The 12th Amendment states that in such cases, the House of Representatives shall immediately choose the president by ballot from the top three choices of the electors. Votes are taken by state, with each state having one vote and a simple majority required.
This means that Wyoming, the smallest state in the US with fewer than 600,000 people, would have the same say in choosing a new president as California, which has almost 40 million residents (even though Wyoming appoints only three electors and California 54).
Additionally, the choice of the new president would depend on the composition of the House of Representatives, which is set to be voted on in parallel with the presidential elections.
How likely is a tie?
While a tie is unlikely, it is still a possibility to consider, with various scenarios outlined by the website 270toWin.
One scenario is that Trump wins Pennsylvania and Georgia, while Harris secures victories in Wisconsin, Michigan, Arizona, Nevada, and one electoral vote in Nebraska, which alongside Maine is the only state that splits its allocation of electors.
Another scenario, even more unlikely, is that Harris wins all the states Biden won, plus North Carolina, which current polls indicate could go to Republicans.
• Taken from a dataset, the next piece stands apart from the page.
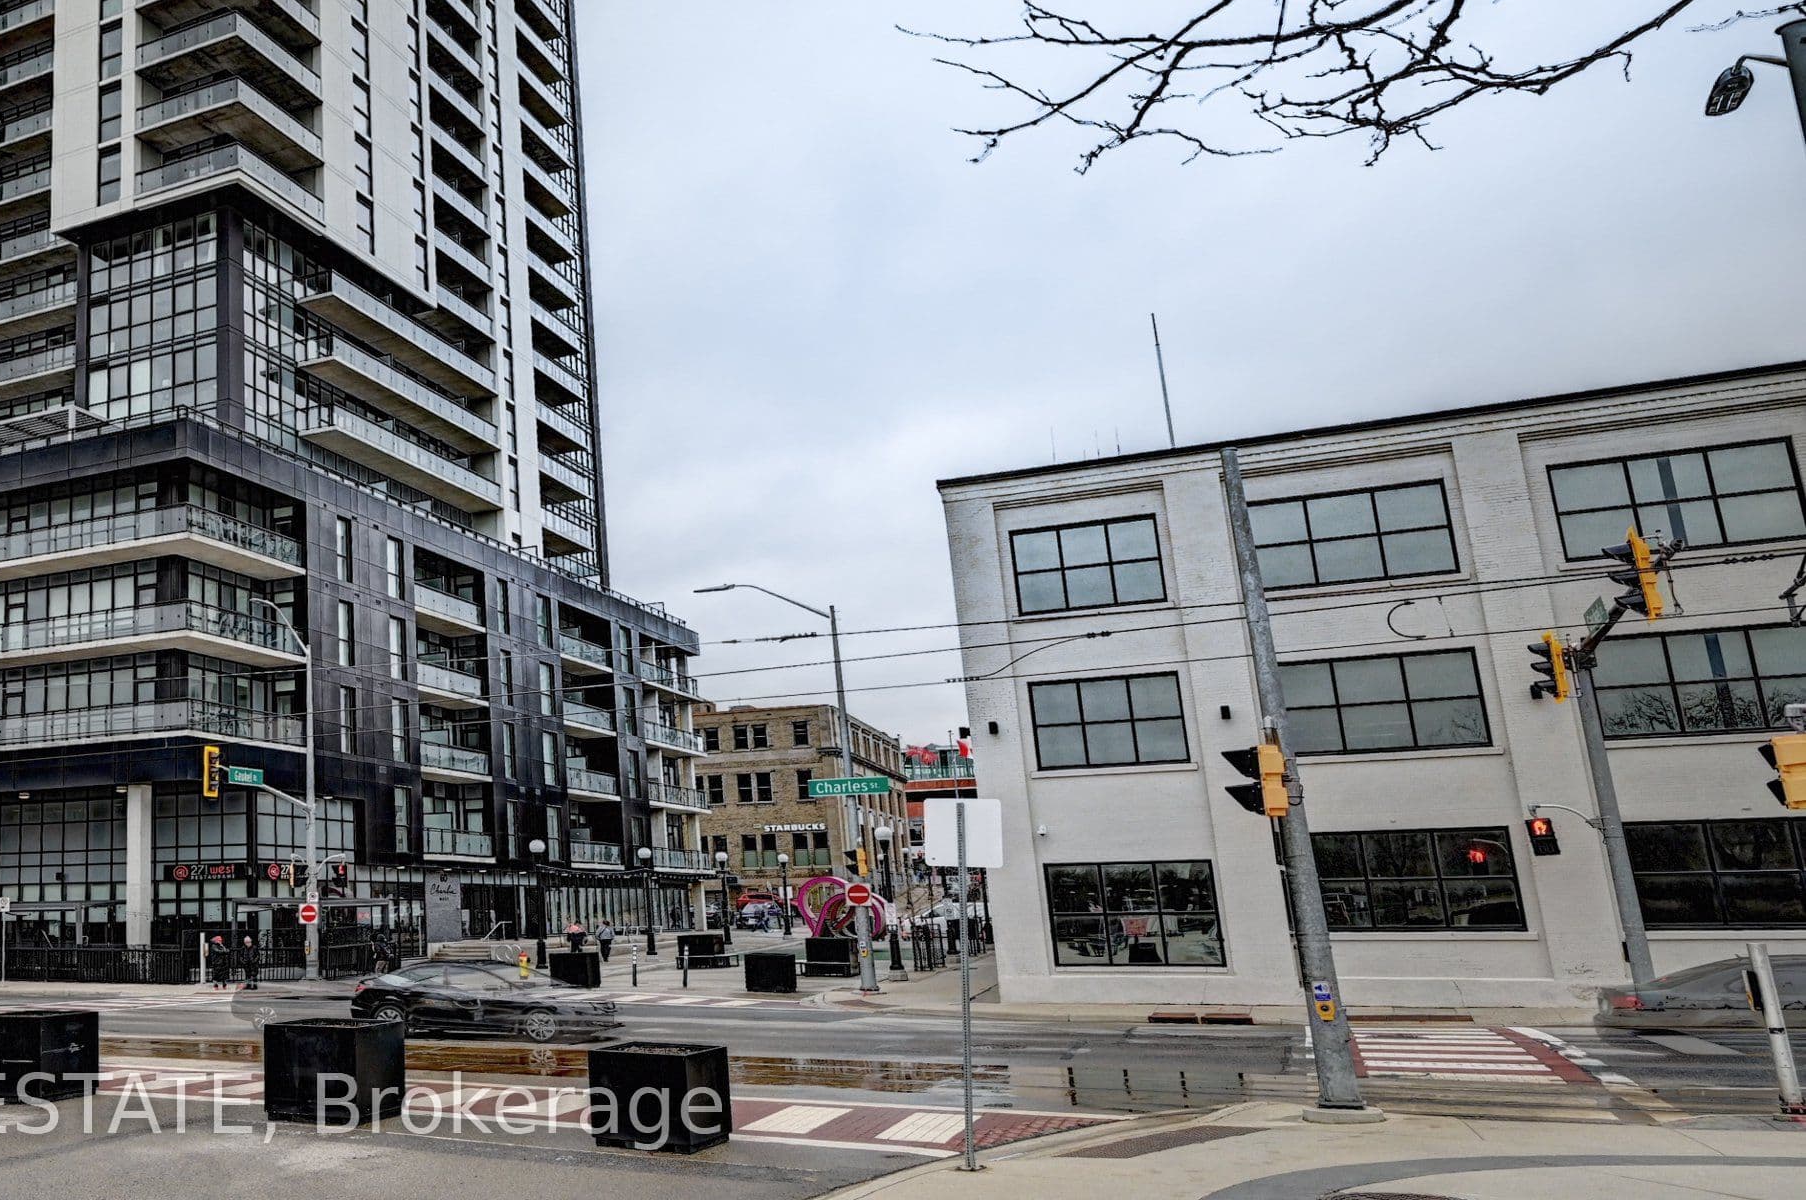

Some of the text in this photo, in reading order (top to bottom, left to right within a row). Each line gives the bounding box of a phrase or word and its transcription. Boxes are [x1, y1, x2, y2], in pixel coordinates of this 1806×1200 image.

[815, 781, 868, 794] Charles
[764, 823, 826, 832] STARBUCKS
[209, 864, 235, 875] west
If Trump then reclaims Michigan, Pennsylvania, and Wisconsin, and also wins Nevada for the first time, the outcome would be a 269-269 tie.
This would trigger a “contingent election,” with the House of Representatives tasked with deciding the US president for the first time in two centuries, requiring a simple majority of 26 states to elect the new commander-in-chief.
With the country sharply divided, newly sworn-in US congress members would face immense pressure and, in some cases, might have to choose between backing their party candidate or the one who received the most popular votes in their own state (there is no requirement for state delegations to honour the winner of their state’s vote).
This situation would likely unfold on 6 January, right after Congress determines that no candidate has a majority, according to an analysis by the Congressional Research Service.
Even more surprisingly, the tie scenario could lead to cohabitation between a Republican president and a Democratic vice president or vice versa.
Indeed, according to the 12th Amendment, in the event of no majority, the US vice president is chosen by the Senate from the two candidates with the highest number of electoral votes, with each senator entitled to one vote (the US Senate has 100 members, with each state electing two).
Finally, the Senate could select a vice president even if the House is deadlocked in the election of the president. So, if a president is not selected by Inauguration Day, 2o January, the newly chosen vice president would serve as acting president. This is a scenario that no one in the US can envision as of today.